Эту невероятность он углядел во время «визуального осмотра» — в виде фантастической картинки, на которой Русталка заваривала чай к его приходу. Она на самом деле должна была делать это в данную минуту — так явственно видел он все во всех подробностях: ему сделалось «ujutnie», удобно и духовно тепленько, но тут туча сыпного, зудящего отвращения быстро пронеслась над только что возделанными грядками упорядоченности. А может, это необходимо, чтобы свершать великие подвиги на философских высотах. «Ведь если что-то столь реально существует в воображении, то, наверное, должно и на самом деле существовать», — глупо думал он. В этот миг он видел только одну из истин: в момент воспоминания сознание не раздваивается на видение, воспоминание о реальности как таковой, и на сознание, что это видение является видением реальности — процесс этот однороден (avis aux psychologiques[121]Психологически (фр.). ): я вижу данный предмет, один-единственный, и нет непосредственного различия между этим видением и реальностью; в этот момент моего фантазирования они суть единое (на этом основано ощущение, что я на самом деле там), но в то же самое время непосредственно, без малейших размышлений ни до, ни после, в момент самого смотрения (это — несамостоятельный момент в явлении как целом) известно, что перед тобой вовсе не реальность (ведь, например, не схватишь за волосы видение любимой женщины — а что, пример не хуже любого другого); различие воспоминаний и реальности — различие качественное и непосредственно данное, несмотря на страшные глупости, которые на эту тему понаписал Бертран Рассел в своем ужасном «Analysis of mind»[122]«Исследование разума» (англ.). .

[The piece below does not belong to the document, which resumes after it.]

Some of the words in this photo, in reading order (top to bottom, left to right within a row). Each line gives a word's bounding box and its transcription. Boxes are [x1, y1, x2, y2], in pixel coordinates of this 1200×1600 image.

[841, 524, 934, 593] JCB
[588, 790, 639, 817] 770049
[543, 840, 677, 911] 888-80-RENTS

— Но ведь я действительно вижу ее руку с порезами от неудачного маникюра (и люблю эту руку за ее ранки — о ты, жалкая сентиментальность шизоидов, заменяющая им бурную качку океана пикнической чувственности!) и с этим наиаристократичнейшим ногтем на мизинце — вижу кожу и прикасаюсь к ней в этот момент... — тут он столкнулся с придорожным километровым столбом и упал, больно поранив колено (сразу же помазал йодом, т. к. всегда, вопреки современным гонениям на йод, носил его с собой, а тот прекрасно служил ему). Он убедился, что, интенсивно вызывая образ жены в «семейном гнездышке», он буквально ничего (сознательно) перед собой не видел, хотя все время смотрел вперед, вытаращив глаза. Так подсознательное оказывается частью «смешанного фона», меняя окраску (иногда в переносном, а иногда и в прямом смысле, когда дело касается дополнительных цветов) комплекса реальных качеств, актуальных, живых[123]Я ввожу понятие «живости» качества в противоположность мертвечине воспоминаний, которые в момент, пока они длятся, точно так же актуальны, как и «живые» качества. (Прим. авт.) — незабываемое открытие Корнелиуса и окончательное решение роковой проблемы подсознания.

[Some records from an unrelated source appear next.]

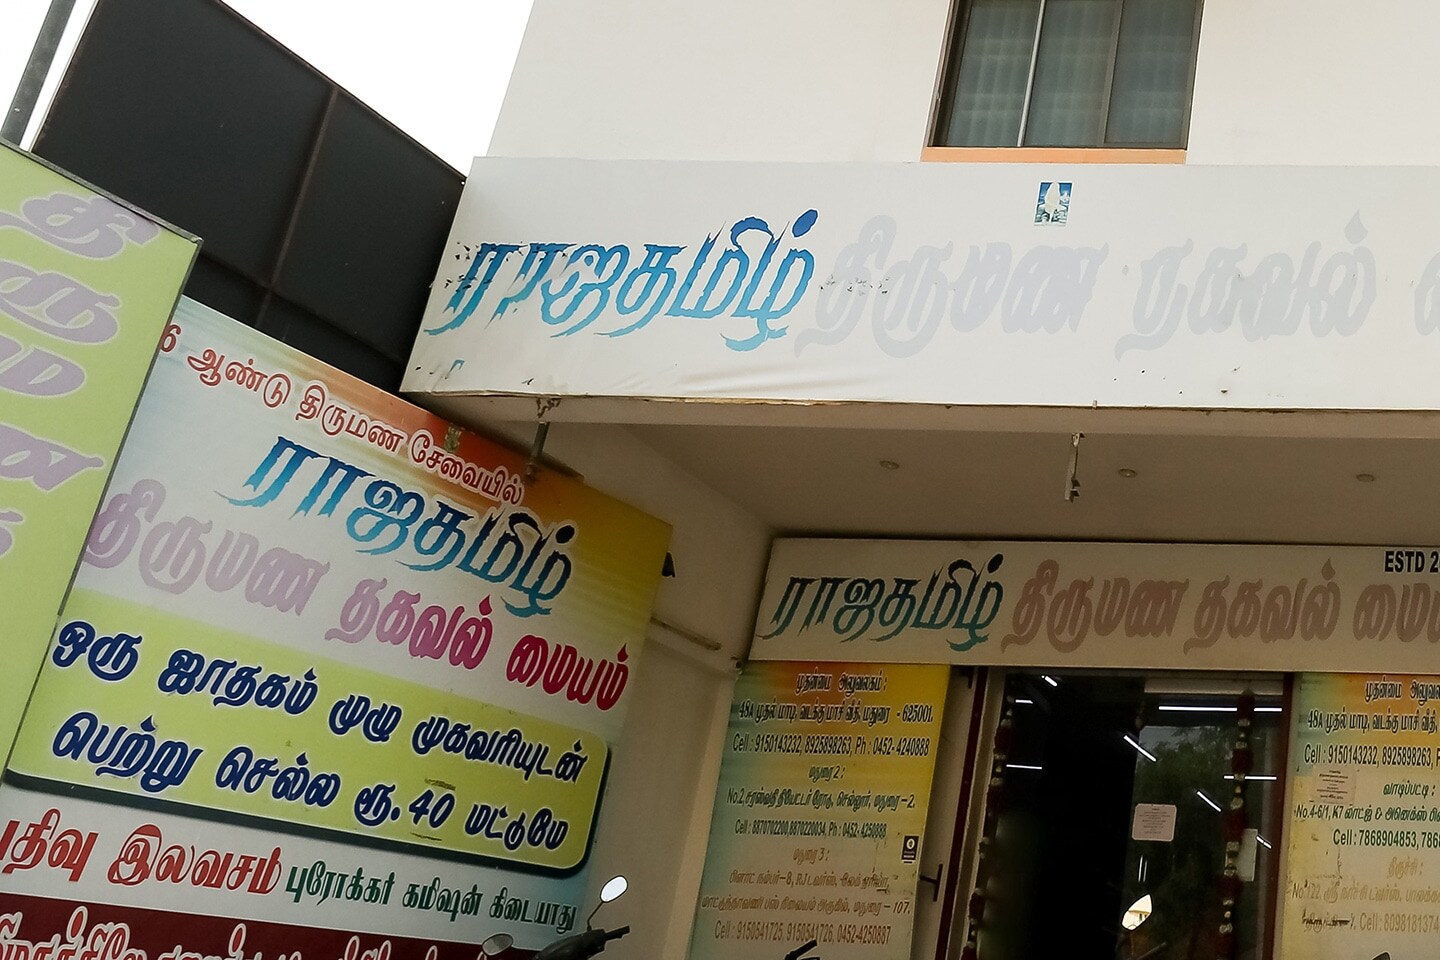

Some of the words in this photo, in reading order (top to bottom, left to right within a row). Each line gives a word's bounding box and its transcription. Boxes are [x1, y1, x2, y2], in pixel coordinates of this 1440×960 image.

[424, 208, 819, 352] ராஜதமிழ்
[794, 215, 1109, 358] திருமண
[1115, 208, 1378, 361] தகவல்
[187, 346, 291, 407] ஆண்டு
[295, 386, 404, 455] திருமண
[409, 430, 526, 506] சேவையில்
[214, 435, 576, 617] ராஜதமிழ்
[1384, 550, 1425, 574] ESTD
[83, 478, 331, 615] திருமண
[325, 575, 496, 671] தகவல்
[505, 632, 631, 711] மையம்
[757, 552, 1006, 653] ராஜதமிழ்
[1003, 558, 1189, 652] திருமண
[1184, 557, 1340, 655] தகவல்
[51, 620, 144, 682] ஒரு
[157, 646, 319, 715] ஜாதகம்
[329, 690, 403, 743] முழு
[411, 712, 588, 786] முகவரியுடன்
[733, 733, 749, 751] Cell
[1365, 676, 1402, 703] முதன்மை
[52, 711, 204, 793] பெற்று
[215, 744, 341, 808] செல்ல
[464, 804, 570, 851] மட்டுமே
[1304, 744, 1322, 764] Cell
[1328, 745, 1379, 768] 9150143232,
[1382, 747, 1433, 770] 8925898263,
[107, 824, 282, 895] இலவசம்
[286, 859, 395, 906] புரோக்கர்
[402, 868, 482, 922] கமிஷன்
[488, 888, 578, 935] கிடையாது
[1333, 828, 1353, 845] Cell
[1359, 829, 1419, 850] 7868904853,

Реальность! О как же бедовал и ломал голову (что за кретинские слова!) Изидор над определением этого неприступного понятия! «Реальны только Единичные Сущности = (ЕС) и качества = (Хм) в их длительности». Однако, что на самом деле означала эта фраза, в которую, как вода по водостоку с крыши, слились все его мысли, хотя казалось, что сама по себе фраза не содержит четко определенного («естественного», как он говорил) смысла или «мудра» («Ниякого в етом мудру нима» — как сказал один старый теперь, забытый горец)? Найдутся ли две  «р е а л ь н ы е»  реальности, в противоположность мнимым реальностям Хвистека (Леона), а точнее — одной двойственной? Последнее не удовлетворяло Изидора: он хотел иметь одну-одинойственую реальность — таков был в нем шизоидальный (что не значит ненормальный: в определенных сферах шизоиды имеют право существовать) позыв к целостности мировоззрения.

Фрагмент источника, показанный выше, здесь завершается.